To combat that fact, you need to ensure the extra energy requirements are being met by your diet.

A balanced diet that contains appropriate amounts of all three macronutrients is recommended.

Healthy fats and adequate carbohydrate intake are crucial for supplying your body with the energy it needs to take part in both running and weight training. The carbohydrates also play a key role in recovery after a training session.

Protein intake is vital for muscle growth and recovery from your workouts.

Smarter programming

You really need to listen to your body if you are planning on working heavily with different training styles. Be sure to monitor how you are feeling during your gym sessions and running workouts.

It would be a good idea to start off with a minimal amount of extra training to let your body adapt before increasing the amount you do.

You may even have to pick one area to put more of your focus into. For example, if you choose to really hit your running hard, it could be a wise decision to ease off on your weight training and plan your strength program to maintain your current levels for the time being.

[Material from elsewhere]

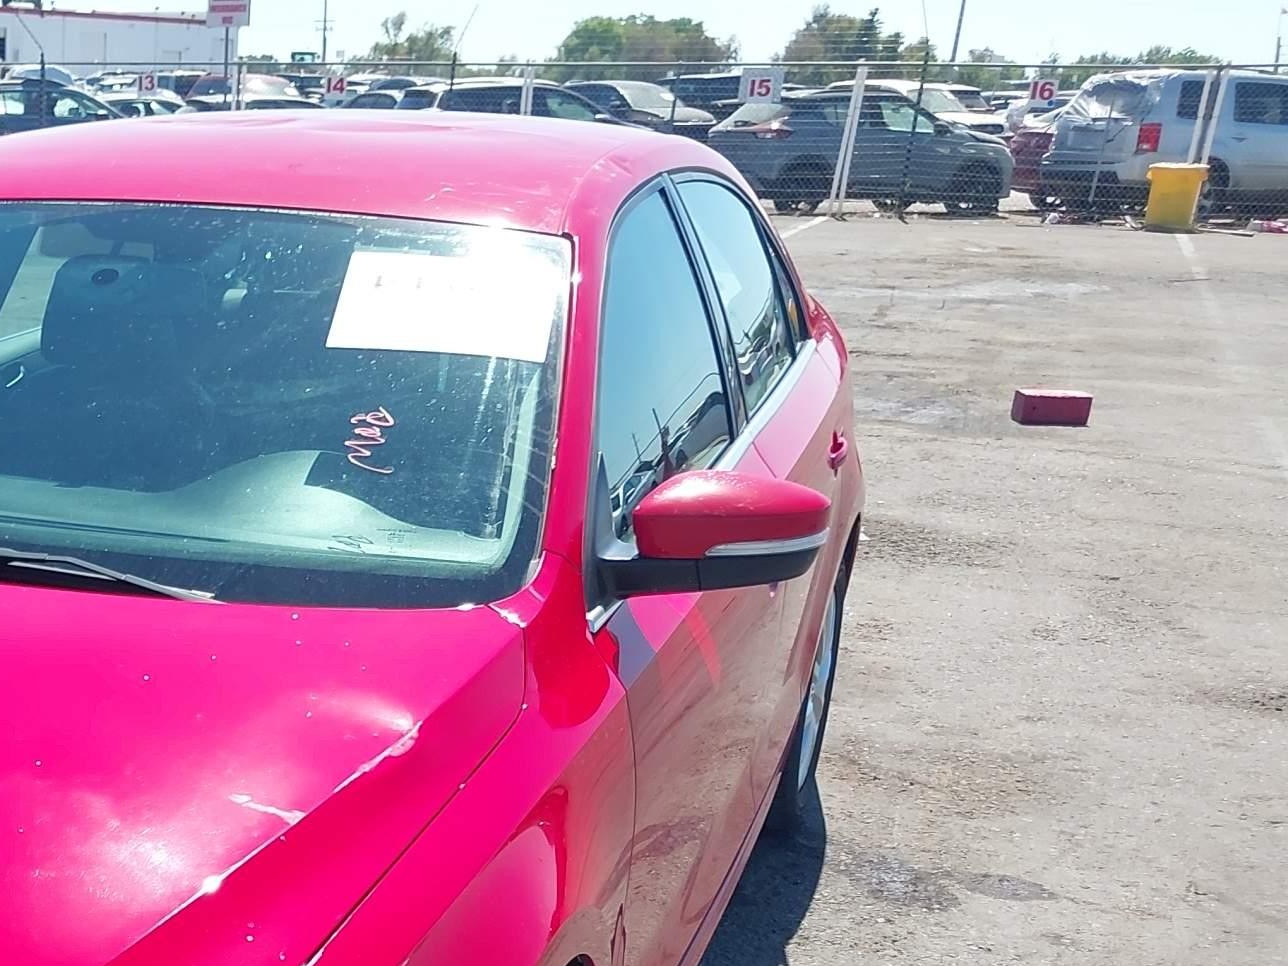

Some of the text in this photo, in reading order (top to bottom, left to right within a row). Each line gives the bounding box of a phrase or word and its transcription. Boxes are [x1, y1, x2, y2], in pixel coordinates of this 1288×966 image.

The same approach can be taken in the opposite situation.

It becomes much easier to keep on top of your recovery if you are only pushing one type of training to the max instead of trying to go all out with two very different training goals.

Conclusion

Running can make you lose muscle but it could also help out as well. It all comes down to planning and being prepared.

Take a smart approach to your training program by thinking of your overall end goal and then plan your training around that. Only include what is vital to your goal and get rid of everything else.

The same level of planning must also go into your nutrition.

At the end of the day, it really comes down to being clever with it. Yes, it is more difficult to train heavily for both running and muscle growth but there is no reason it can’t be done.